Every entry below is to be returned unchanged. Images are not part of the copy.
(THE RECORDS)
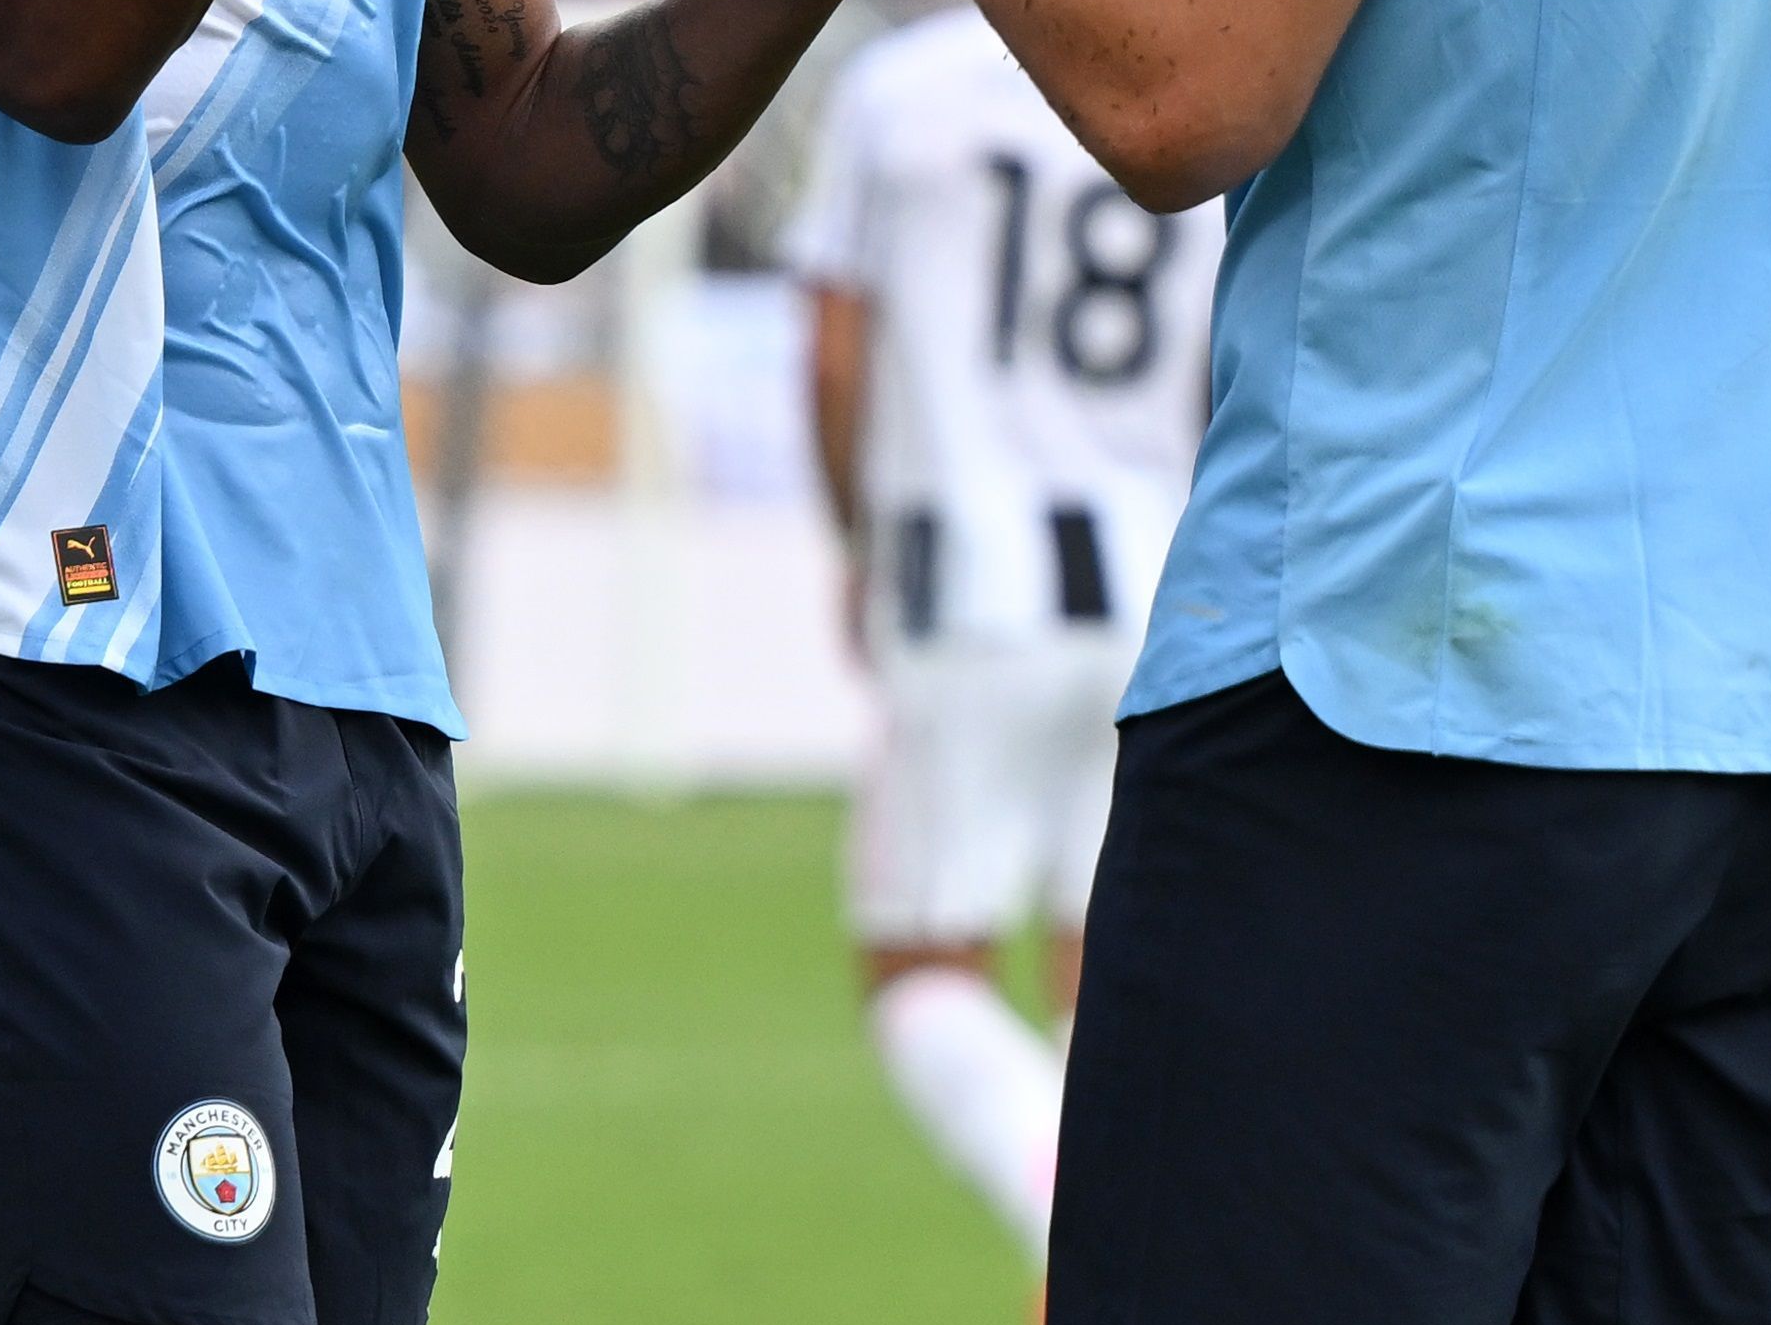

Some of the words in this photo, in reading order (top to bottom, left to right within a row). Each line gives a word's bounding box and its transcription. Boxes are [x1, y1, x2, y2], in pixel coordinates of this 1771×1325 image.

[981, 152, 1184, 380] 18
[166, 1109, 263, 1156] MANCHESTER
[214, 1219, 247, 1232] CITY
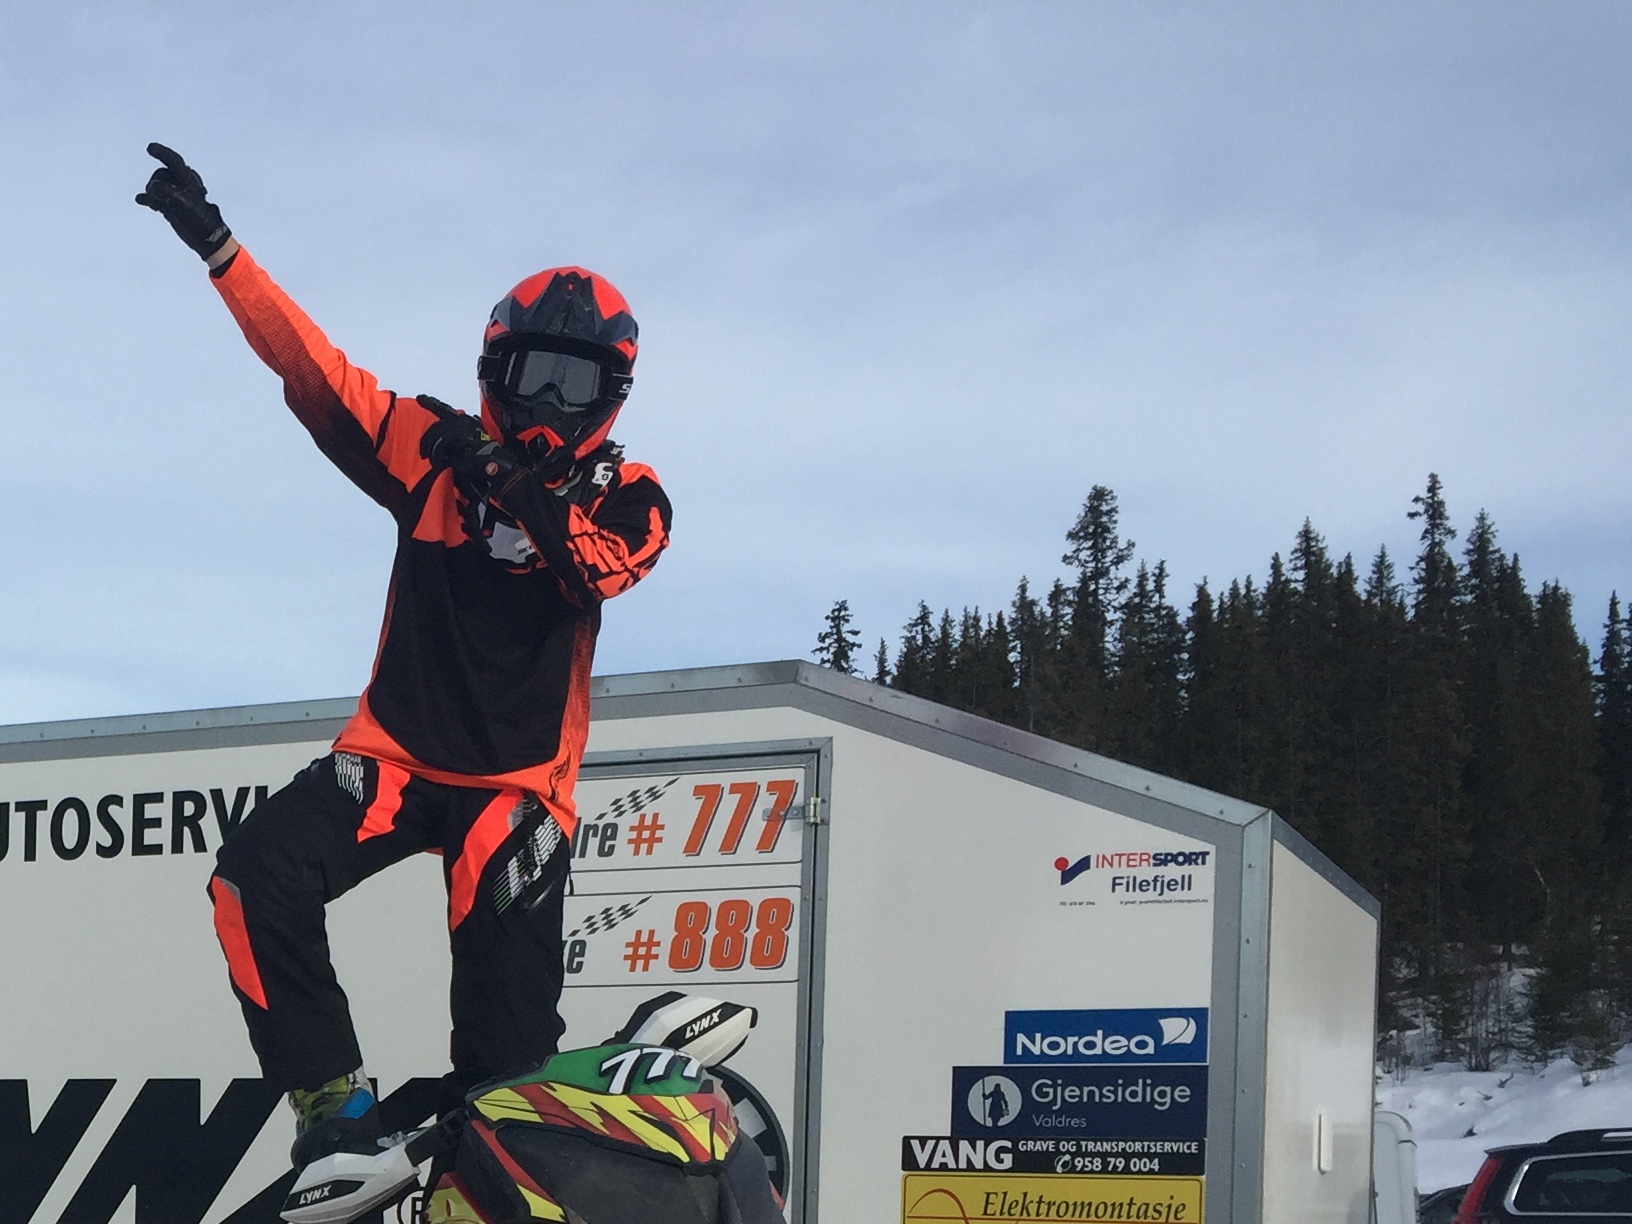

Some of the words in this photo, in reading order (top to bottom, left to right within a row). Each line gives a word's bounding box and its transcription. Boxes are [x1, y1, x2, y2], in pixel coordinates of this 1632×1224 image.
(End THE RECORDS)
ANSWER SPACE
Some of the words in this photo, in reading order (top to bottom, left to right within a row). Each line gives a word's bounding box and its transcription. Boxes are [x1, y1, x2, y2], in pixel coordinates of this 1771×1325 image.

[981, 152, 1184, 380] 18
[166, 1109, 263, 1156] MANCHESTER
[214, 1219, 247, 1232] CITY

Some of the words in this photo, in reading order (top to bottom, left to right within a row). Each line gives a word's bounding box and its transcription. Boxes are [x1, y1, x2, y2], in pixel coordinates of this 1632×1224 image.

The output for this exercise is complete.